If you are wondering where to start, email Malvika who would love to chat about your work and find the right starting point for you in The Turing Way.
Find more details on these topics (and more) below 👇
Thanks to Emma Karoune for reviewing this month's newsletter. 🌷
An illustration of a group coworking. Royalty-free image from Many Pixels
You are invited to attend one or multiple of our online community calls listed below (also subscribe to our calendar).
Onboarding and Catch-up calls are hosted from 15:00 to 16:00 London time (see in your local time) on 2, 9, 16, 23 and 30 July. on 2, 9, 16, 23 and 30 July.
- These calls feature open discussions with new and existing community members and onboard them in The Turing Way project.
Collaboration Cafes will be hosted on 7 and 21 July from 15:00 - 17:00 London time (see in your local time).
- These are 2-hour long calls that feature discussions on topics of shared interest in The Turing Way and several short quiet working sessions (see the chapter).
Weekly Coworking calls are 1-hour long calls where you can catch up with The Turing Way team members and other contributors and get some of your tasks done that need focused time or feedback.

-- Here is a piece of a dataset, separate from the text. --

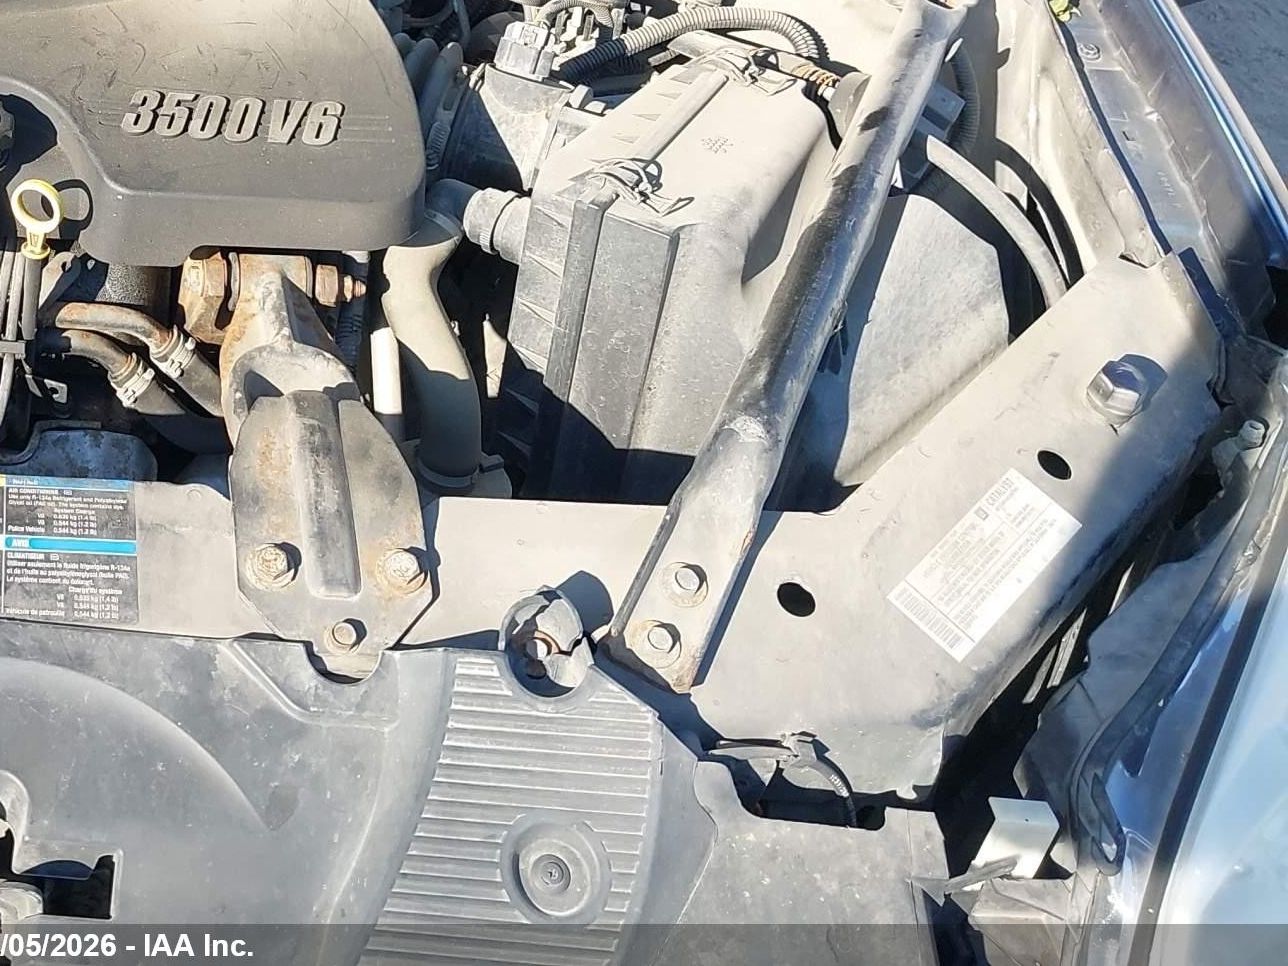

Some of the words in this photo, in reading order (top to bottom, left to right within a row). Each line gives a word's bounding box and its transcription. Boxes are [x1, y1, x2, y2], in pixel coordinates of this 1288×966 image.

[120, 89, 264, 143] 3500
[267, 99, 346, 147] V6
[985, 477, 1015, 507] CATALYST

- Join us from 11:00 - 12:00 (see in your local time) London time on 5, 12, 19 and 26 July 2021 (compatible with Western Time Zones).
- Join us from 15:00 - 16:00 (see in your local time) London time on 14 and 28 July 2021 (compatible with Eastern Time Zones).
A month after the Book Dash (May 2021), several of our participants have merged the first versions of their chapters into The Turing Way guides. We are really happy to share these chapters with you and invite you to read, review and share them in your network.
The Turing Way project illustration about human rights, law and policies by Scriberia. Used under a CC-BY 4.0 licence. DOI: 10.5281/zenodo.3332807.
This chapter is edited by Laura Carter and reviewed by Laura Acion and Ismael Kherroubi-Garcia. She writes “Knowing the law, policy, and human rights that underpin research ethics will give you a deeper understanding of how to conduct ethical research. It can also help you to advocate for ethical work with colleagues and collaborators.”
This is an extended draft of an earlier chapter that describes what key documents should be added to a project repository. It now features examples from The Turing Way repository and resources from the Open Life Science training program.
- Thanks to Lotty Coupat for writing a case study from the AutSpaces project that describes how to set a roadmap for your project.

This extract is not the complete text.